The report highlights such 
·      Its Data Protection Bill is yet to take effect and there isn’t a data protection authority in place, meaning privacy protections are weak at present
·      The Aadhaar Identification Scheme gives citizens a unique ID number and is also home to the largest biometric database, which contains 1.23 billion people
·      This database also contains information such as purchases, bank accounts, and insurance
·      Trying to get WhatsApp to make messages traceable by adding a digital fingerprint to every message sent
·      CCTV isn’t regulated, and any privacy laws relating to it are very vague and open to interpretation
·      10 government agencies have recently been given the authorization to decrypt, monitor, and intercept data on any computer (but this must be approved by the Home Secretary)
·      Should service providers fail to offer intercept capabilities, they could face prison for up to seven years
·      Looking to install hi-tech border surveillance at certain borders
·      Frequently shares information with the US and has multiple Mutual Legal Assistance Treaties with different countries
·      Ranks 140th in the world for the Press Freedom Index with 6 journalists (at least) being killed in 2018.”
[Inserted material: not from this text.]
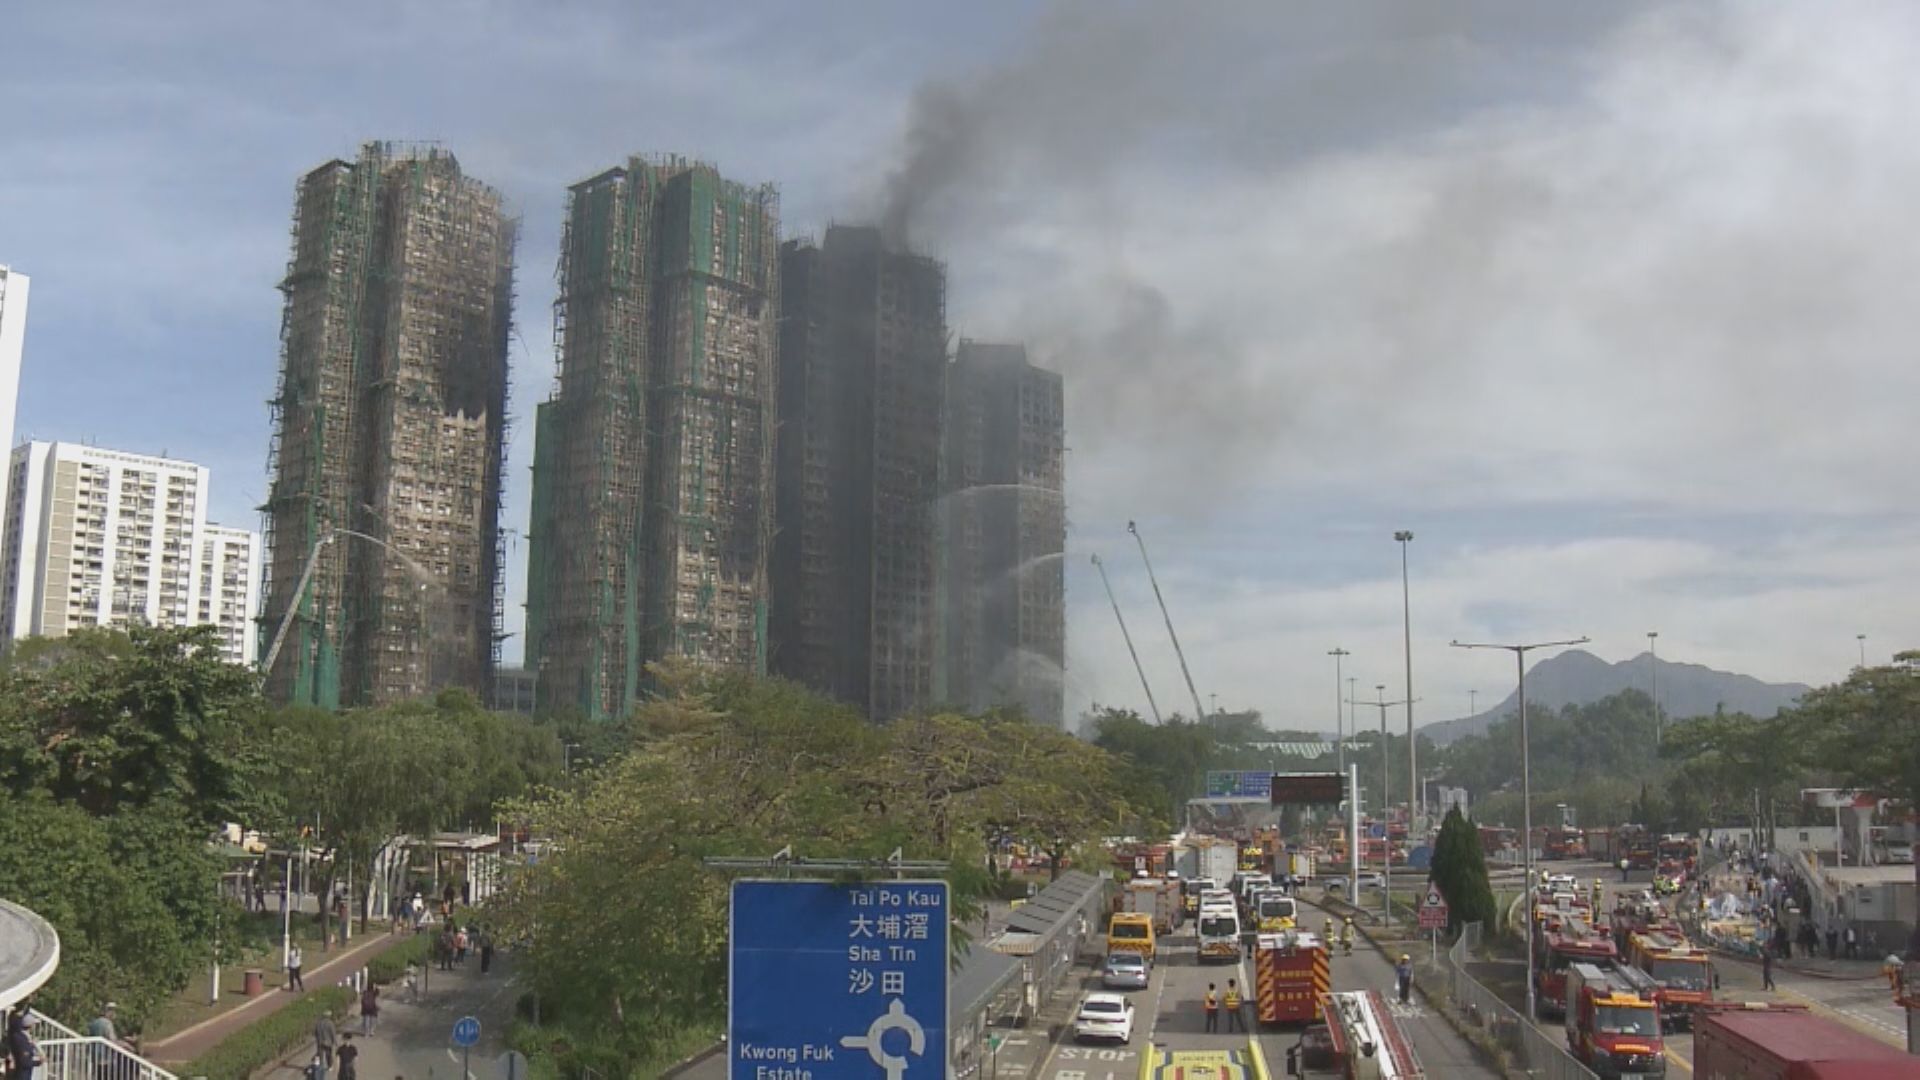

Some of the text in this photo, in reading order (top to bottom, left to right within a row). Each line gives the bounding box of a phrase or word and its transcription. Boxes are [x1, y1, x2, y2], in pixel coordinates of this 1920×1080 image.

(The highlights are the excerpt of the report which can be accessed here: https://www.comparitech.com/blog/vpn-privacy/surveillance-states/ )

Cons: 

1.     The EU, which was successful in passing and enforcing the world’s first data privacy law, the General Data Protection Regulation (GDPR), described India’s overall data localization requirements in the draft Personal Data Protection Bill as “unnecessary, harmful, and likely to have negative effects on trade and investments.”
2.     Using advances productivity measures such as firm-level and industry level, Total Factor Productivity & Labor productivity, ECIPE tried to calculate the impact of such stricter data policies on the sectors and industries reliant on data. If similar calculations are assumed for the Indian economy, the current draft Personal Data Protection Bill could cost India nearly $8.4 billion (60350 cr) annually. For the perspective, Reliance industries, annual profit clocks roughly at 35000 cr. The report can be found here: https://ecipe.org/blog/the-cost-of-data-protectionism/
3.     Increases the cost of operation by 30 percent, making overseas companies unhappy.


JioMoney and Paytm are more vocal about the same while US giants are crying foul. An interesting fact is that investors such as Berkshire Hathaway, SoftBank, and Alibaba have backed Paytm with significant funding. It would be interesting to follow the recent developments and their impact on Indian Landscape.